LAS VEGAS (AP) — A local elected official is set to face a jury Tuesday on a murder charge in the stabbing death of a Las Vegas investigative journalist.
Robert Richard Telles, Clark County’s public administrator, has been in jail without bail since his Sept. 7 arrest in the Sept. 2 slaying of Las Vegas Review-Journal staff writer Jeff German.
The criminal complaint accuses Telles of “laying in wait” for German, 69, who prosecutors say was stabbed seven times. German lived alone and his body was found the next day. The Clark County Coroner ruled his death a homicide.
The 45-year-old was arrested over the Labor Day weekend after police asked for help identifying a man seen walking toward a German home wearing an orange work shirt and a wide-brimmed straw hat with a bag over his shoulder. The police The German also released images of a distinctive SUV seen near the home, driven by a man wearing an orange shirt.
A Review-Journal photographer took photos Sept. 6 of Telles washing a similar vehicle in his driveway.
Telles turned off his cellphone and waited in a vehicle outside German’s home until the attack, police said. It was characterized as a planned response to articles written by German about “turmoil and internal dissension” in the county office that manages the estates of people who die without a will or family contacts.
Telles lost his primary bid for re-election in June after stories in May aired allegations of administrative intimidation, favoritism and Telles’ relationship with subordinate staff. County lawmakers have hired a consultant to address complaints about his office’s leadership.
German was widely respected for his tenacity, and his colleagues said he was working on further reports about Tels and the Public Administrator’s Office when he died.
“The published articles … destroyed (Telles’) political career, possibly his marriage, and it’s a blow to his cause,” Chief Deputy Clark County District Attorney Richard Schoe told the judge on Sept. 8.
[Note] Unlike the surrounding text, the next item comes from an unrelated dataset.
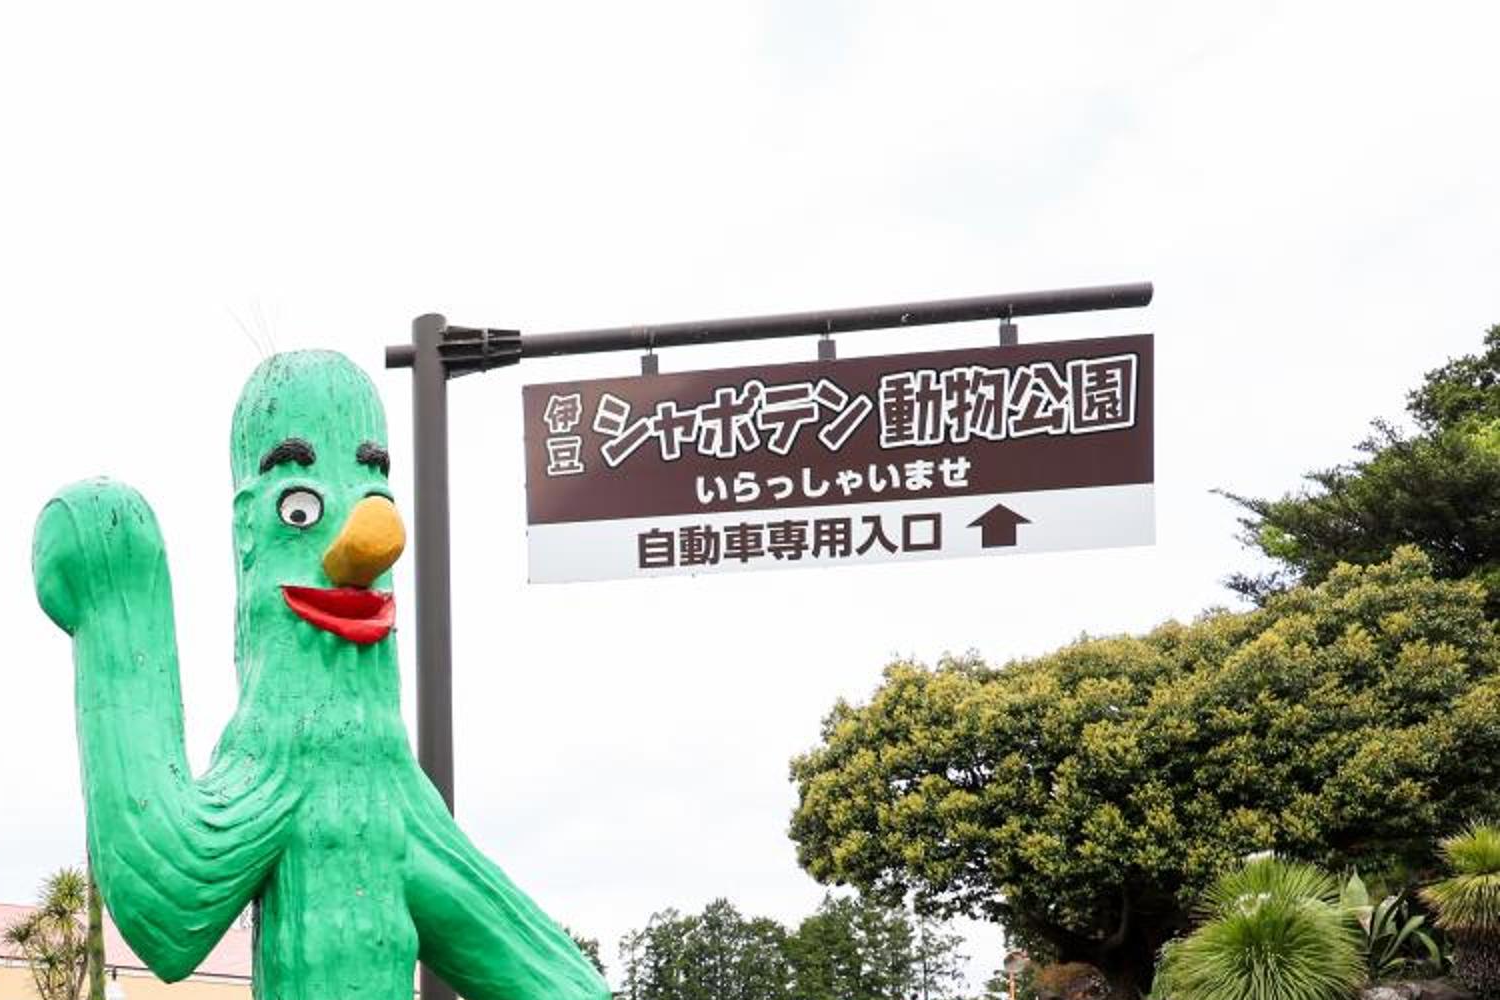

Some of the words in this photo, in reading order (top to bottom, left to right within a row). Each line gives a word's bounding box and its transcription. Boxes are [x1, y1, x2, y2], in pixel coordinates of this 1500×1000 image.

[543, 393, 584, 475] 伊豆
[695, 456, 972, 504] いらっしゃいませ
[637, 512, 942, 569] 自動車専用入口
That judge, Las Vegas Justice of the Peace Elana Lee Graham, called the police report detailing the attack “chilling” and said German was described as “fighting for his life.” She talked about defensive wounds found on German’s hands and said DNA from Telles was found under German’s fingernails.
A search warrant found items in Telles’ home, including blood-stained shoes and a straw hat that had been cut into pieces, police said. Officials said the weapon used to kill the German was not immediately found.
Clark County Sheriff Joe Lombardo, a Republican running for governor in November, said investigators also obtained security video showing the attack.
The Nevada Press Association announced this Saturday that German will be inducted into the Nevada Newspaper Hall of Fame.
German joined the Review-Journal in 2010 after more than two decades at the rival Las Vegas Sun, where he was a columnist and reporter covering the courts, politics, labor, government and organized crime.
Tells grew up in El Paso, Texas and lived in Colorado before moving to Las Vegas. He worked as a heating and air conditioning technician and graduated in 2014 from law school at the University of Nevada, Las Vegas. He practiced probate and estate law before being elected public administrator in 2018, replacing his three-term predecessor.
In El Paso, Telles’ late grandfather, Richard Telles, served as city clerk, school board trustee and county commissioner, the Review-Journal reported. A great-uncle, Raymond L. Telles Jr., was the city’s first Mexican-American mayor and was appointed ambassador to Costa Rica by President John F. Kennedy and chairman of the US-Mexican Border Commission by President Lyndon B. Johnson. .
Telles’ father, Raymond R. Telles, was elected to two terms on the El Paso City Council but lost a bid for mayor. He gave up his law license and avoided prison after pleading guilty to federal conspiracy and wire fraud charges.
Court and police records show Robert Telles was arrested in Las Vegas in February 2020 after his wife called 911. He allegedly held her in a “bear-hug” position and resisted attempts by two police officers to handcuff him. At the time of his arrest, Telles was recorded on police body-worn cameras as drinking and repeatedly identifying himself as a government official.
The case was dismissed and closed in March 2021 after Telles paid a $418 fine, attended counseling and stayed out of trouble.
His term expires Dec. 31, but Clark County officials said he has been suspended and barred from county offices or property pending a review of his position as an elected official.